INPUT RECORDS START

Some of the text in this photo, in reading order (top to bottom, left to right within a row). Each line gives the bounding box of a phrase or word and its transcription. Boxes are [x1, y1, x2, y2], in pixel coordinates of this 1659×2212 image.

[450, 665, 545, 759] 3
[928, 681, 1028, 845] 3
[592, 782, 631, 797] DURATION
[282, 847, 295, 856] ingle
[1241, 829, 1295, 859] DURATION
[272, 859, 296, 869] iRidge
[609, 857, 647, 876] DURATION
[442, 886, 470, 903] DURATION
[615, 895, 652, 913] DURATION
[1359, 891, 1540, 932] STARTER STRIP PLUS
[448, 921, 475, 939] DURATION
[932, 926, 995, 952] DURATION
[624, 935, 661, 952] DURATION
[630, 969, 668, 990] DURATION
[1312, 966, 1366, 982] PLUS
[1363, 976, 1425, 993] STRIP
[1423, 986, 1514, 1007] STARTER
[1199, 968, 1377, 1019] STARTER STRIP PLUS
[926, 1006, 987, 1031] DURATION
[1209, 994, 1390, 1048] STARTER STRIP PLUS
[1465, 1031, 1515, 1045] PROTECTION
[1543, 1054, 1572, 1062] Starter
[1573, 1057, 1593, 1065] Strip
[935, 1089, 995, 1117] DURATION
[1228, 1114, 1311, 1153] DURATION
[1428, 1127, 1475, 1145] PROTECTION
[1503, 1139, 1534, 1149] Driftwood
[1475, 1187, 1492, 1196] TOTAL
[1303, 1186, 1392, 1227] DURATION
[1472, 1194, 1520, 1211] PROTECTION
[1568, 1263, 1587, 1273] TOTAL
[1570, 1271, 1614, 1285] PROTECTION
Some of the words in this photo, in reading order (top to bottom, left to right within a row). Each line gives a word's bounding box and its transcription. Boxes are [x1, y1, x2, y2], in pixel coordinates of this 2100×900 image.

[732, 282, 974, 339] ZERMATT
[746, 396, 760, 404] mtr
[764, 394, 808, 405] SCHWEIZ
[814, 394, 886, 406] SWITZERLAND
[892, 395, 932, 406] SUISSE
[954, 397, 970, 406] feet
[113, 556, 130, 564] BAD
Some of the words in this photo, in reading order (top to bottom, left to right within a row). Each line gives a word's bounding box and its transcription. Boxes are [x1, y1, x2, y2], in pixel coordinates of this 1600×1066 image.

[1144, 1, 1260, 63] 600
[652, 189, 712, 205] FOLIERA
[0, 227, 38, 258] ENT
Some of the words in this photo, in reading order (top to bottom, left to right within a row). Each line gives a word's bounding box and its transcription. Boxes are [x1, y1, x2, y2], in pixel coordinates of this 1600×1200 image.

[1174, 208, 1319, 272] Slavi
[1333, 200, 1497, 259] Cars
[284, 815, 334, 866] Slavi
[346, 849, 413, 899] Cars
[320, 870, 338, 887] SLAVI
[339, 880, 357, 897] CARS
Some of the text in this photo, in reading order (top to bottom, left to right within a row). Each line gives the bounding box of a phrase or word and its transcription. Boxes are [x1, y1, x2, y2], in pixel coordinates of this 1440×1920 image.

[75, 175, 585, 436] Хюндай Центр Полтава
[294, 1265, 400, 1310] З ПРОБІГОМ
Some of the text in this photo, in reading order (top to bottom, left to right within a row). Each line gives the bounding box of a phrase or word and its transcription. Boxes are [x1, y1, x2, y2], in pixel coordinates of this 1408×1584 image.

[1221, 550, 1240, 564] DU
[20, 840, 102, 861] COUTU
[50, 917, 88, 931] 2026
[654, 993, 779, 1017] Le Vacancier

INPUT RECORDS END

**TO DO**
Please return the records above in their exact form.

**TASK OUTPUT**
Some of the text in this photo, in reading order (top to bottom, left to right within a row). Each line gives the bounding box of a phrase or word and its transcription. Boxes are [x1, y1, x2, y2], in pixel coordinates of this 1659×2212 image.

[450, 665, 545, 759] 3
[928, 681, 1028, 845] 3
[592, 782, 631, 797] DURATION
[282, 847, 295, 856] ingle
[1241, 829, 1295, 859] DURATION
[272, 859, 296, 869] iRidge
[609, 857, 647, 876] DURATION
[442, 886, 470, 903] DURATION
[615, 895, 652, 913] DURATION
[1359, 891, 1540, 932] STARTER STRIP PLUS
[448, 921, 475, 939] DURATION
[932, 926, 995, 952] DURATION
[624, 935, 661, 952] DURATION
[630, 969, 668, 990] DURATION
[1312, 966, 1366, 982] PLUS
[1363, 976, 1425, 993] STRIP
[1423, 986, 1514, 1007] STARTER
[1199, 968, 1377, 1019] STARTER STRIP PLUS
[926, 1006, 987, 1031] DURATION
[1209, 994, 1390, 1048] STARTER STRIP PLUS
[1465, 1031, 1515, 1045] PROTECTION
[1543, 1054, 1572, 1062] Starter
[1573, 1057, 1593, 1065] Strip
[935, 1089, 995, 1117] DURATION
[1228, 1114, 1311, 1153] DURATION
[1428, 1127, 1475, 1145] PROTECTION
[1503, 1139, 1534, 1149] Driftwood
[1475, 1187, 1492, 1196] TOTAL
[1303, 1186, 1392, 1227] DURATION
[1472, 1194, 1520, 1211] PROTECTION
[1568, 1263, 1587, 1273] TOTAL
[1570, 1271, 1614, 1285] PROTECTION
Some of the words in this photo, in reading order (top to bottom, left to right within a row). Each line gives a word's bounding box and its transcription. Boxes are [x1, y1, x2, y2], in pixel coordinates of this 2100×900 image.

[732, 282, 974, 339] ZERMATT
[746, 396, 760, 404] mtr
[764, 394, 808, 405] SCHWEIZ
[814, 394, 886, 406] SWITZERLAND
[892, 395, 932, 406] SUISSE
[954, 397, 970, 406] feet
[113, 556, 130, 564] BAD
Some of the words in this photo, in reading order (top to bottom, left to right within a row). Each line gives a word's bounding box and its transcription. Boxes are [x1, y1, x2, y2], in pixel coordinates of this 1600×1066 image.

[1144, 1, 1260, 63] 600
[652, 189, 712, 205] FOLIERA
[0, 227, 38, 258] ENT
Some of the words in this photo, in reading order (top to bottom, left to right within a row). Each line gives a word's bounding box and its transcription. Boxes are [x1, y1, x2, y2], in pixel coordinates of this 1600×1200 image.

[1174, 208, 1319, 272] Slavi
[1333, 200, 1497, 259] Cars
[284, 815, 334, 866] Slavi
[346, 849, 413, 899] Cars
[320, 870, 338, 887] SLAVI
[339, 880, 357, 897] CARS
Some of the text in this photo, in reading order (top to bottom, left to right within a row). Each line gives the bounding box of a phrase or word and its transcription. Boxes are [x1, y1, x2, y2], in pixel coordinates of this 1440×1920 image.

[75, 175, 585, 436] Хюндай Центр Полтава
[294, 1265, 400, 1310] З ПРОБІГОМ
Some of the text in this photo, in reading order (top to bottom, left to right within a row). Each line gives the bounding box of a phrase or word and its transcription. Boxes are [x1, y1, x2, y2], in pixel coordinates of this 1408×1584 image.

[1221, 550, 1240, 564] DU
[20, 840, 102, 861] COUTU
[50, 917, 88, 931] 2026
[654, 993, 779, 1017] Le Vacancier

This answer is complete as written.